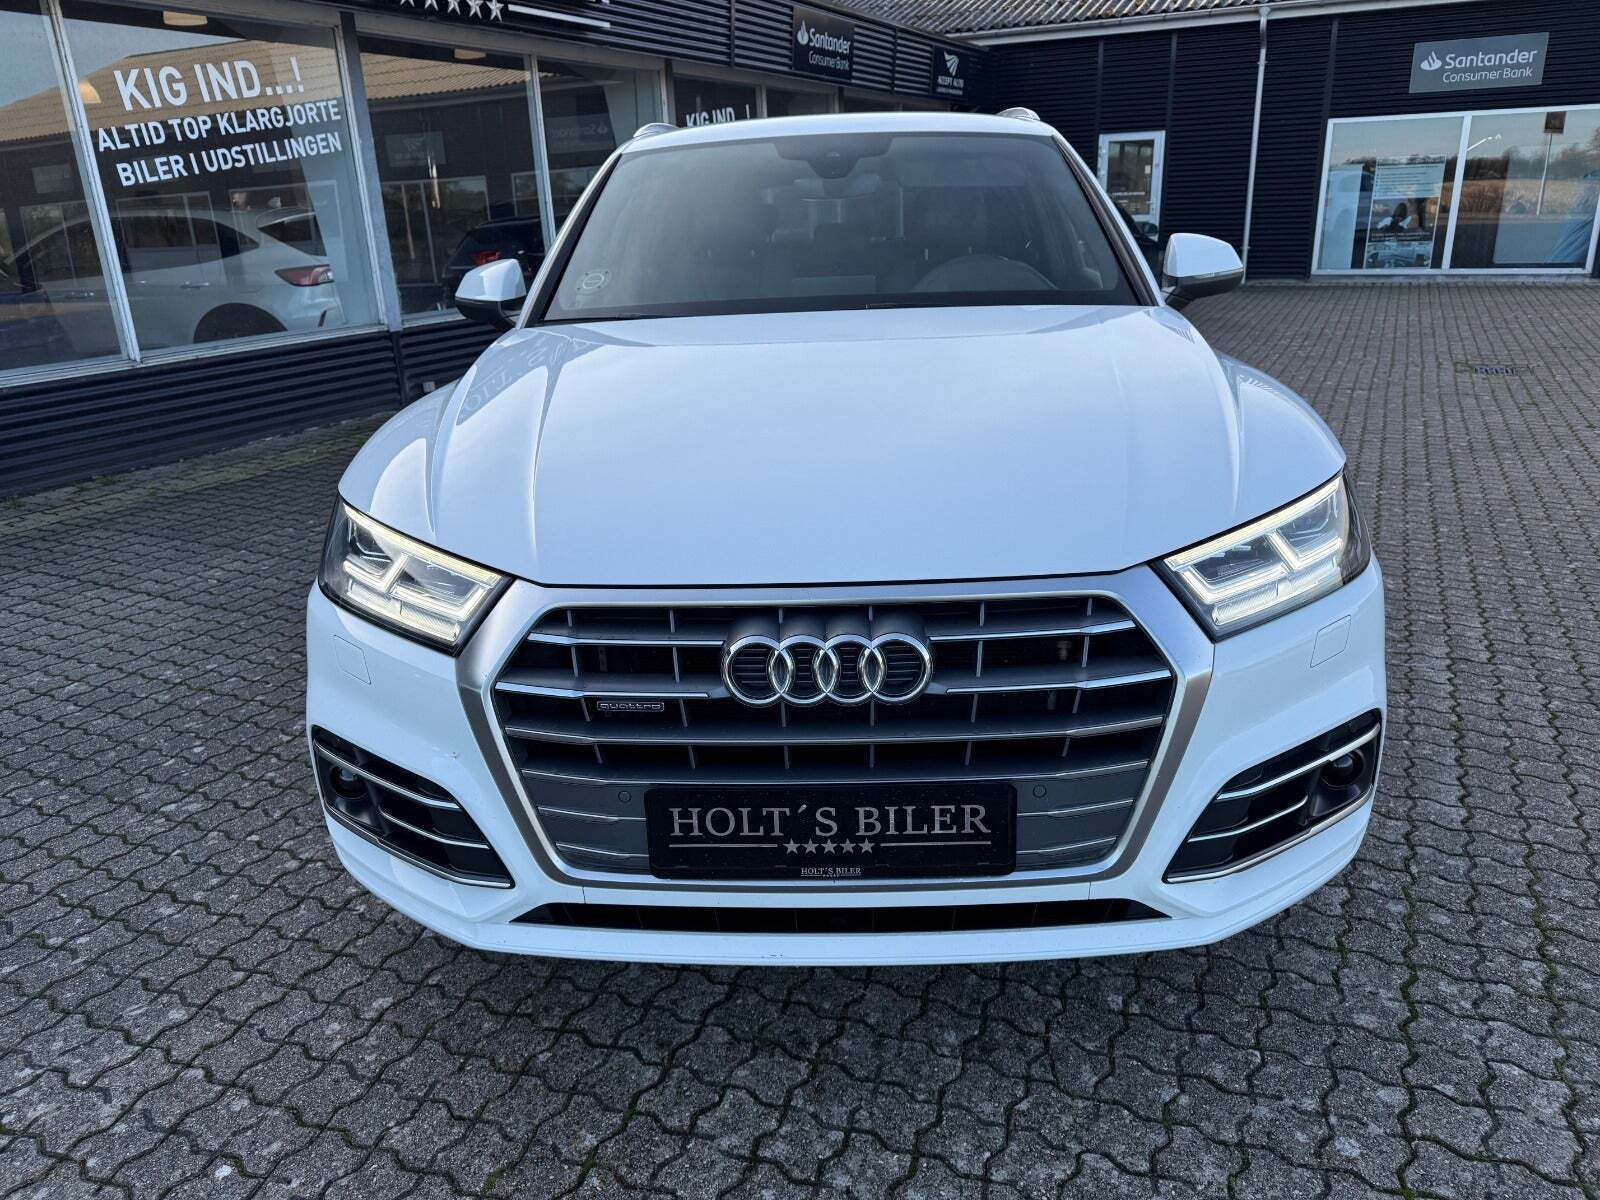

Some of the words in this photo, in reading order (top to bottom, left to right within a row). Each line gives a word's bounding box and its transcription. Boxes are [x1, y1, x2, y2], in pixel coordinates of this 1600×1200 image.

[809, 28, 850, 53] Santander
[808, 51, 836, 67] Consumer
[836, 57, 849, 70] Bank
[1444, 48, 1538, 69] Santander
[112, 65, 188, 112] KIG
[1442, 69, 1502, 83] Consumer
[1503, 66, 1533, 79] Bank
[98, 121, 166, 152] ALTID
[168, 115, 212, 142] TOP
[215, 100, 342, 136] KLARGJORTE
[116, 155, 189, 187] BILER
[190, 153, 200, 175] I
[201, 132, 342, 173] UDSTILLINGEN
[854, 804, 992, 836] BILER

====

#### EXERCISE DESCRIPTION:
Output the data above without changes, apart from leaving out the pictures.

#### REPLY TO THE TASK:
Some of the words in this photo, in reading order (top to bottom, left to right within a row). Each line gives a word's bounding box and its transcription. Boxes are [x1, y1, x2, y2], in pixel coordinates of this 1600×1200 image.

[809, 28, 850, 53] Santander
[808, 51, 836, 67] Consumer
[836, 57, 849, 70] Bank
[1444, 48, 1538, 69] Santander
[112, 65, 188, 112] KIG
[1442, 69, 1502, 83] Consumer
[1503, 66, 1533, 79] Bank
[98, 121, 166, 152] ALTID
[168, 115, 212, 142] TOP
[215, 100, 342, 136] KLARGJORTE
[116, 155, 189, 187] BILER
[190, 153, 200, 175] I
[201, 132, 342, 173] UDSTILLINGEN
[854, 804, 992, 836] BILER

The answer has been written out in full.